Just three of the actions taken under a raft of projects from the first year of Scotland’s Climate Emergency Skills Action Plan. 

Launched in December 2020, the plan will ensure Scotland’s workforce has the skills needed for the transition to a net-zero economy. 

Minister for Green Skills, the Circular Economy & Biodiversity Lorna Slater said: “As an engineer who has worked in Scotland’s growing renewable energy industry, I know how essential it is for the Scottish Government to invest in skills development.

“Scotland has enormous potential to be a global leader in the green industries of the future, but to take this opportunity we need to equip people with the skills they need to shape and transition through their careers.

“This first year of the action plan has demonstrated a collective will to achieve, and it shows Scotland is on the right track.” 

The plan is overseen by a steering group made up of more than 20 organisations across Scotland, coordinated by Skills Development Scotland (SDS) and Scottish Government. 

Chris Brodie, Director of Regional Skills Planning & Sector Development at SDS said: “The move to net-zero by 2045 has the potential to create tens of thousands of well paid, highly skilled jobs over the next 20 years. 

“This action plan is making sure we seize those sustainable skills opportunities for everyone learning and working here in Scotland. 

“The climate emergency is happening now, which is why we have such a strong focus on reskilling and upskilling our existing workforce.” 

“This first year of the action plan has demonstrated a collective will to achieve, and it shows Scotland is on the right track.”

Lorna Slater MSP, Minister for Green Skills, the Circular Economy & Biodiversity

The first year of the action plan also saw the launch of the Green Jobs Workforce Academy and further support for businesses including bespoke climate emergency training and development of a net zero toolkit to support engineering SMEs. 

There was also targeted support through the National Transition Training Fund and Green Jobs Fund. 

Developed in partnership between public, private and the third sector, the action plan is industry and evidence led. 

Professor Dave Reay, climate change scientist at the University of Edinburgh, is Chair of action plan’s Implementation Steering Group.  

He said: “This action plan identifies a series of priority areas for employers, education and individuals and is a leading example of planning for sustainable skills against climate change targets. 

“Throughout discussions and events at COP26 this year it was clear that Scotland is well-placed to take advantage, in particular, of the green energy boom that is starting across the globe. But as we move forward, every job needs to become more sustainable.  

“Our skills system is well equipped to deal with the rapid adjustment to face the challenge of net zero and we will continue to work together to drive change as we take the plan forward.” 

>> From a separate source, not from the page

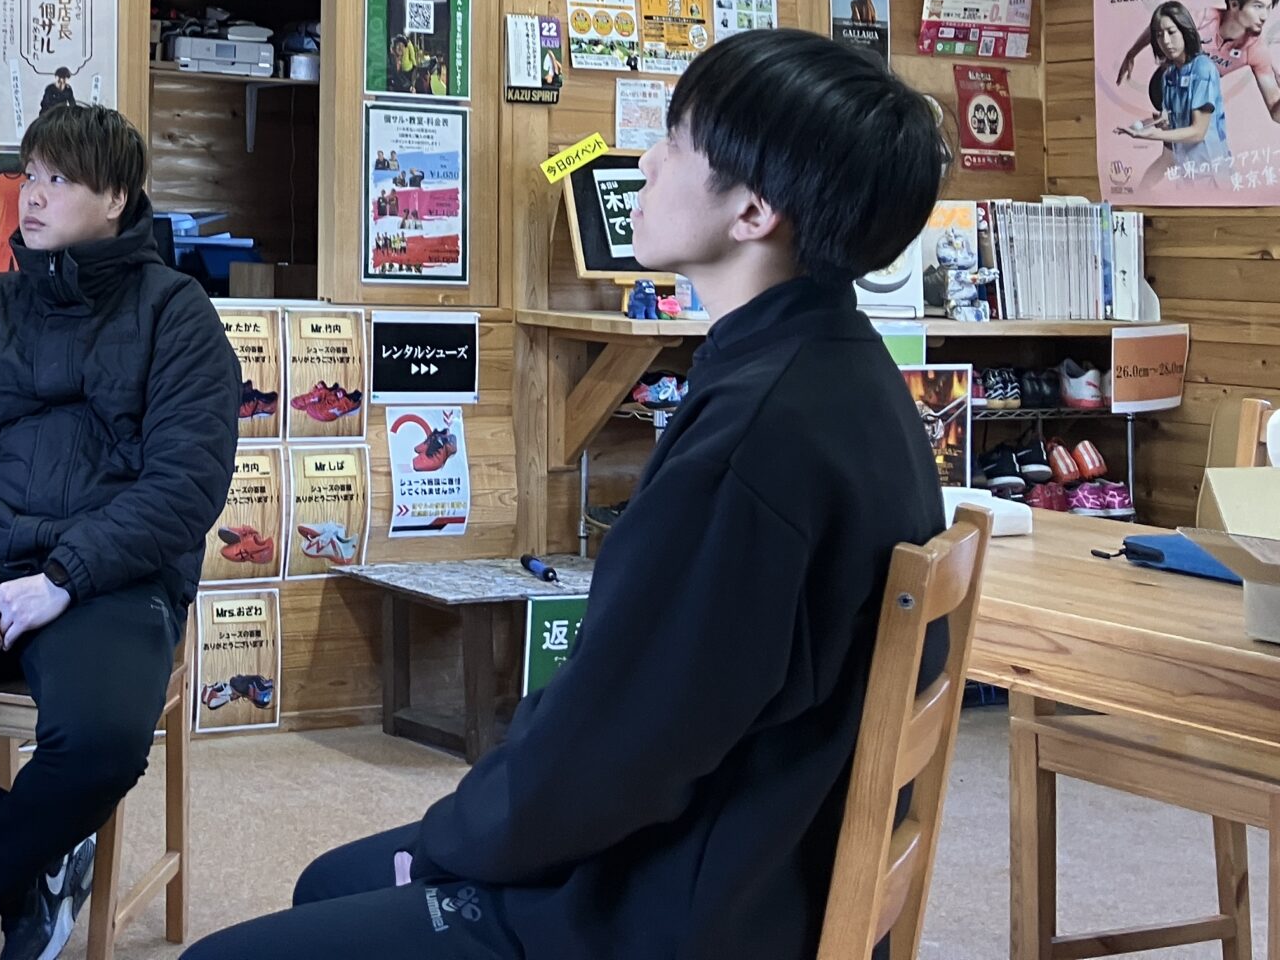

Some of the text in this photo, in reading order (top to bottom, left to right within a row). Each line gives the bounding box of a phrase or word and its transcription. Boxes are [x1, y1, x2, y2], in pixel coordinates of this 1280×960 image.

Work is also continuing on the Green Jobs Skills Hub which will offer insight into the numbers and types of sustainable jobs that will be needed over the next 25 years, as well recommendations from the Scottish Apprenticeship Advisory Board’s work on sustainable skills in apprenticeships. 

Chris Brodie added: “Robust data is key to supporting businesses, education and training providers and individuals as we move ahead and that will be a key focus of the plan heading in to 2022.”